The one word answer is Volatility. This fancy sounding word basically means how much vapor a motor oil releases when it gets hot. You know how water vapors rise off a pot of water before it begins to boil? The same thing happens to you motor oil inside your engine. As oil splashes onto the pistons and valve springs to keep them cool, the high temperature causes some of the oil to evaporate.

So what does this have to do with oil in the intake? Well, modern engines have a Positive Crankcase Ventilation valve that vents these oil vapors into the intake manifold. These oil vapors now condensate in the cool air/fuel mixture, which leaves the oily deposits in the intake manifold and on the intake valve.

Check out the new 2014 Corvette engine. Since this engine is direct injected, there is no fuel to wash the oil down the intake manifold and to help prevent excessive intake valve deposits. So what did GM do? They installed an oil separator in the PCV line that condensates the oil and drains it back into the engine before it gets into the intake stream.

So if you don’t have a 2014 Corvette, what can you do? For starters, using a lower-volatility motor oil is the first line of defense. Simply put, the fewer the oil vapors, that much less oil gets into the PCV system in the first place. The result is more oil kept in the crankcase where it belongs. The second thing you can do is install an aftermarket PCV line oil catch can.

These two steps will reduce the amount of oil getting into the intake tract. Obviously a cleaner intake valve will flow more air for better power and fuel economy. These steps also reduce oil consumption, which helps to protect O2 sensors and catalytic converters from damage due to excessive oil consumption.

The key is using low-volatility base oils in the motor oil formula. Conventional refined crude base oil has volatilities in the range of 20 to 30% for a typical viscosity motor oil. A traditional synthetic base oil drops that volatility down to 14%, but even newer synthetic base oils drop the volatility down to an incredible 5%. Unfortunately for the OEM car companies, the supply of these ultra low-volatility oils is limited, so while they are a technical solution, they are not a practical one on a global scale. Fortunately for the enthusiast market, supply of the ultra low-volatility base oil is sufficient to cover the needs of the high performance crowd.

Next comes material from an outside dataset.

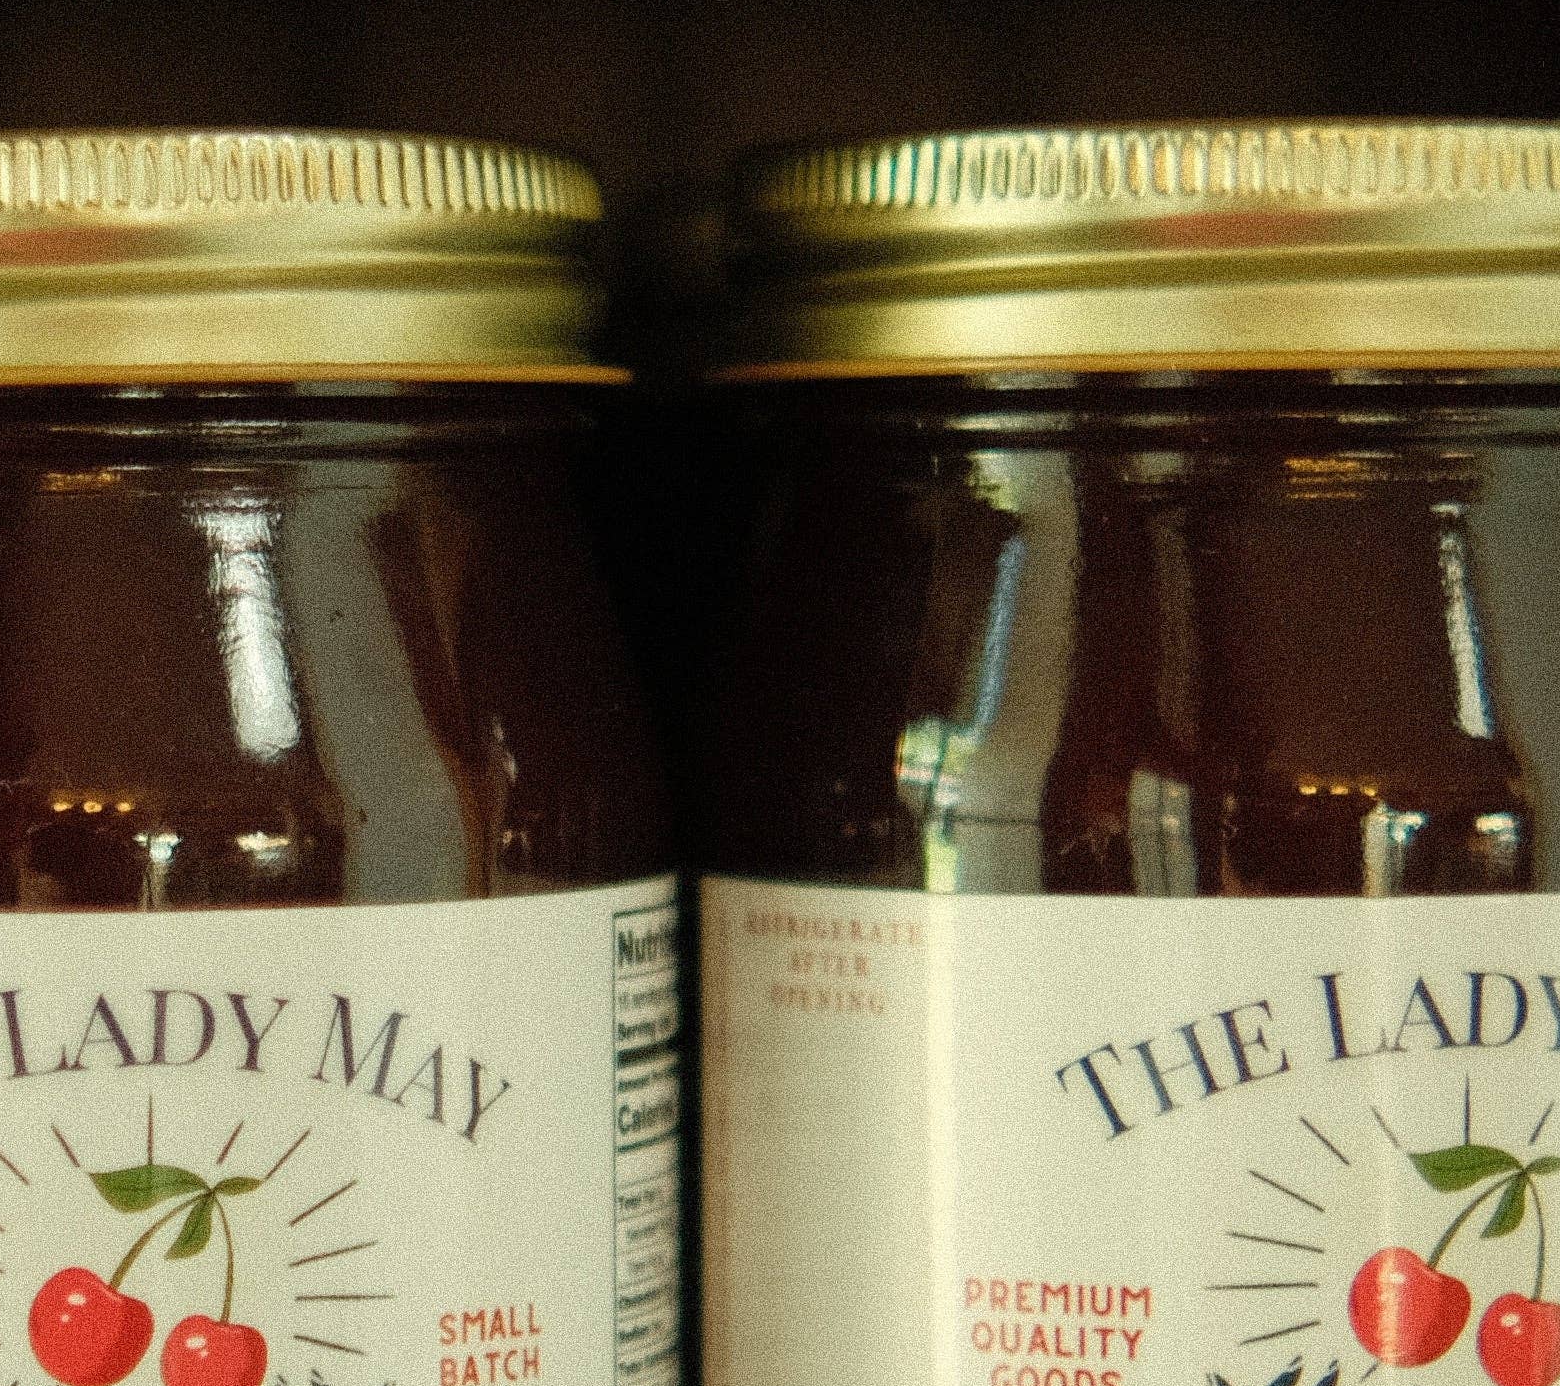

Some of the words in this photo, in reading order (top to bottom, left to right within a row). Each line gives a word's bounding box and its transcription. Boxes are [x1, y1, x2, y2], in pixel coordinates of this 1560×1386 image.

This ready supply enables specialty oils like Driven LS30 and FR20 to reduce oil consumption AND contain more ZDDP for better engine protection. The O2 sensors and catalytic converters don’t know how much ZDDP is in the motor oil because it stays where it should be – in the crankcase lubricating your engine. LS30 can contain 50% more ZDDP since the volatility is 67% less than standard base oils. The higher quality base oil delivers better all-around protection and performance.